Minister of Justice
- Incumbent
- Assumed office 11 January 2022
- Prime Minister: Andrew Holness
- Preceded by: Mark Golding
- In office July 2011 – 5 January 2012
- Prime Minister: Bruce Golding Andrew Holness
- Preceded by: Dorothy Lightbourne
- Succeeded by: Mark Golding

Speaker of the Jamaica House of Representatives
- In office 27 September 2007 – 13 July 2011
- Prime Minister: Bruce Golding Andrew Holness
- Preceded by: Michael Peart
- Succeeded by: Marisa Dalrymple-Philibert

Member of Parliament for Saint Andrew North Eastern
- Incumbent
- Assumed office 1997

Personal details
- Born: December 2, 1950 (age 75)
- Education: St Catherine's College, Oxford

= Delroy Chuck =

Jamaican lawyer, journalist and politician

Delroy Hawmin Chuck born (2 December 1950) is a Jamaican lawyer, journalist and politician. He is currently (2016) the member of parliament for the constituency of Saint Andrew North Eastern and the Minister of Justice. Chuck previously served as the Minister of Justice from 2011 to 2012 and as the Speaker of the House of Representatives from 2007 to 2011. He joined the Jamaica Labour Party in 1995 and first contested St. Andrew North Eastern seat in 1997, an election in which he was victorious. He has held his seat ever since and won his fifth term in Parliament in 2016.

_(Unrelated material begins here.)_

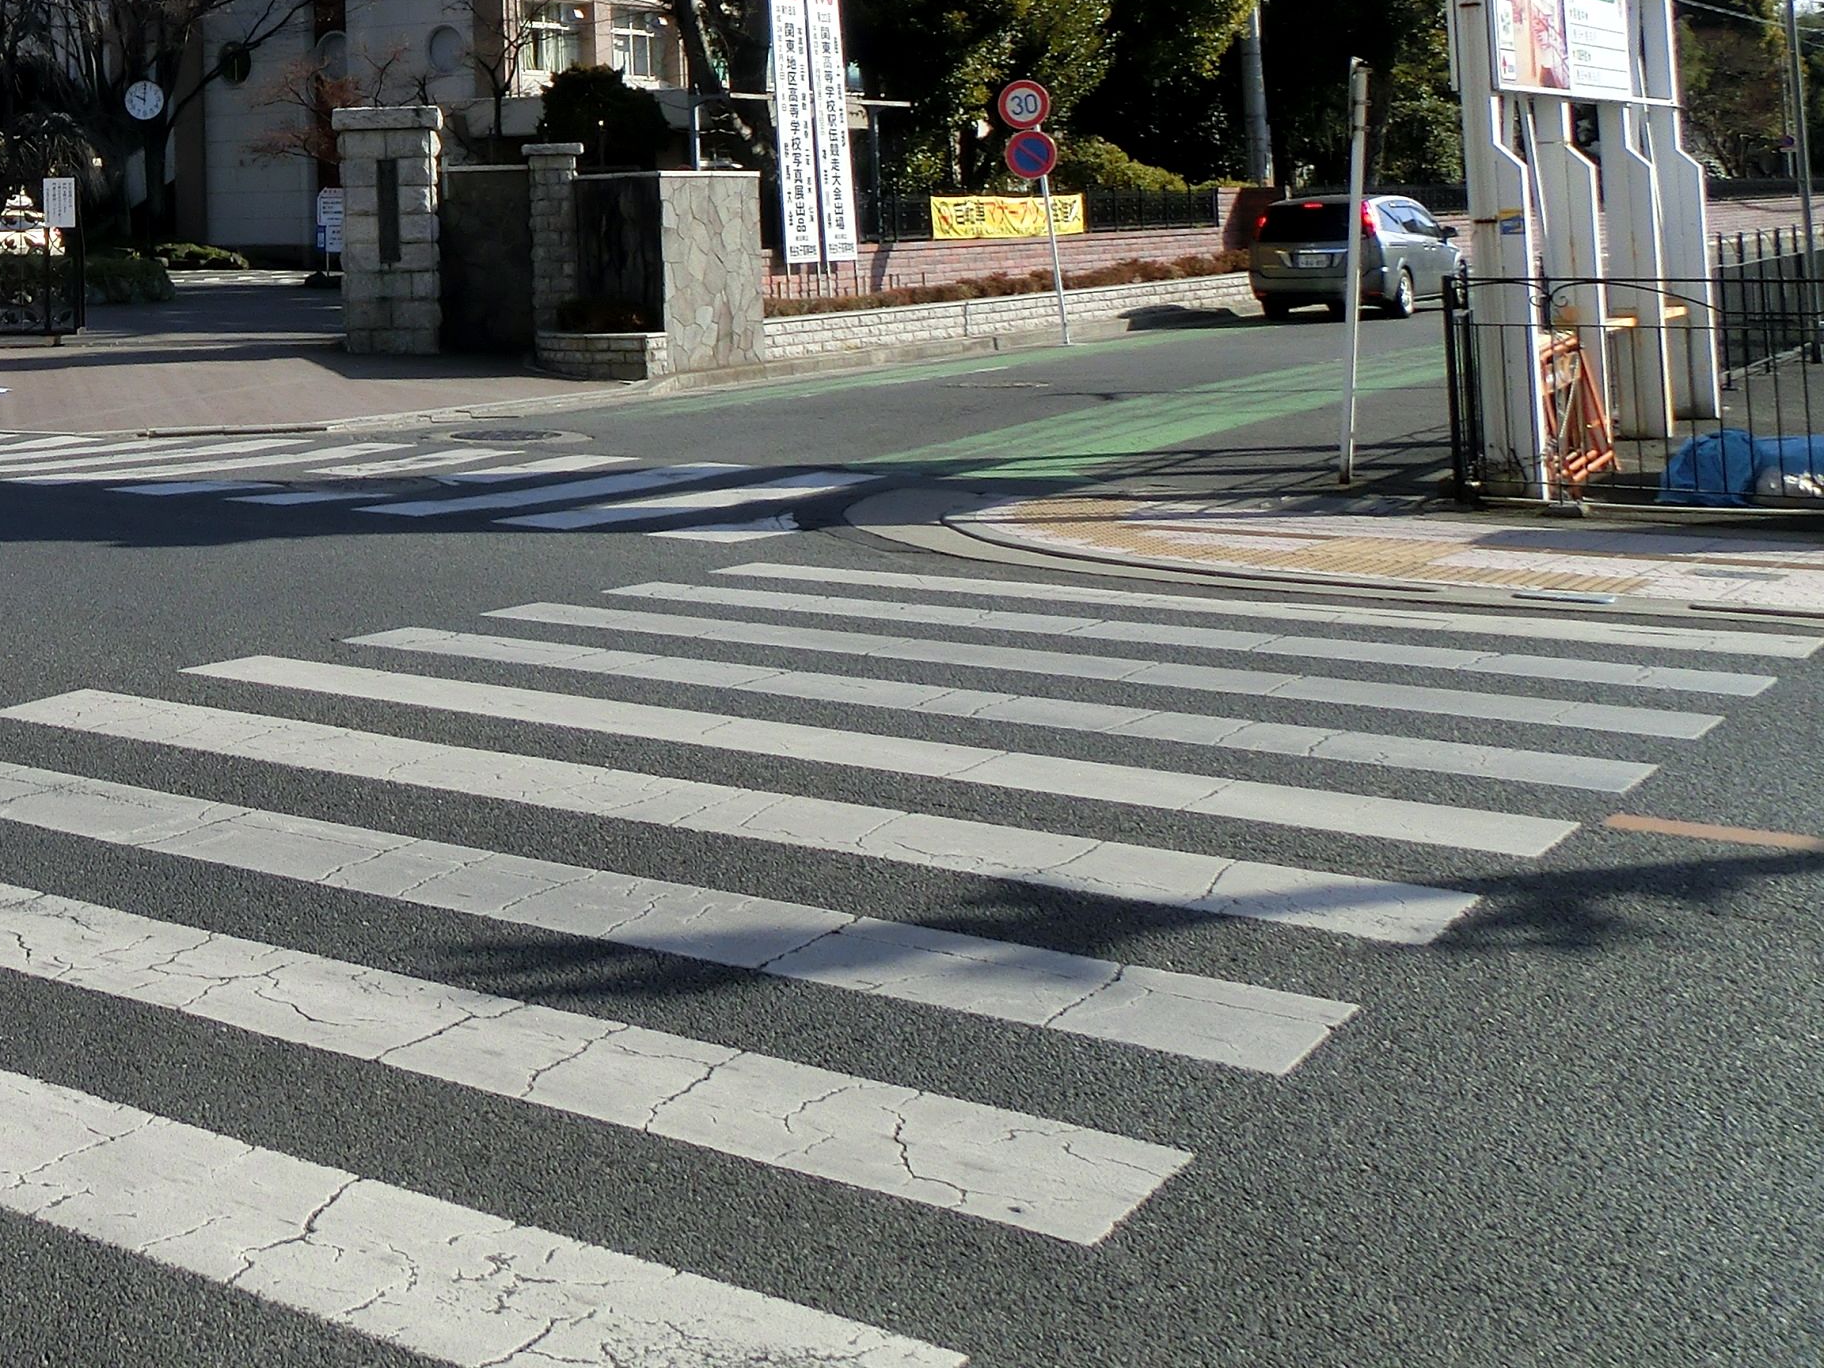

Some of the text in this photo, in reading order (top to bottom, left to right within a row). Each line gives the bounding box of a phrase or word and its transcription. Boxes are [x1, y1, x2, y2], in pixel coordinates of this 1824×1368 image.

[784, 22, 807, 233] 関東地区高等学校写真展出品
[820, 26, 845, 230] 関東高等学校駅伝競走大会出場
[1011, 94, 1037, 115] 30

==Background and early life==
Delroy Chuck is of Chinese ancestry, Delroy Chuck's birthplace is Christiana in the parish of Manchester, but he grew up in Clarendon.

==Education==
He attended Ritchies Primary School, Clarendon, from 1955 to 1962, where he was successful in his Common Entrance Examination. He attended Kingston College from 1962 to 1969. During his tenure at Kingston College, he served as deputy head boy, president of Interact Club and was an active member of the chess and lawn tennis clubs and represented his school in both sports. He left Kingston College with five 'A' levels and a scholarship to University of the West Indies, where he earned a BSc (Hons) in special mathematics. In 1972, Chuck was elected the 1973 Jamaica's Rhodes Scholar and attended St Catherine's College, Oxford, from 1973 to 1976, where he studied Law and graduated with a B.A. in jurisprudence and a Bachelor of Civil Law degree.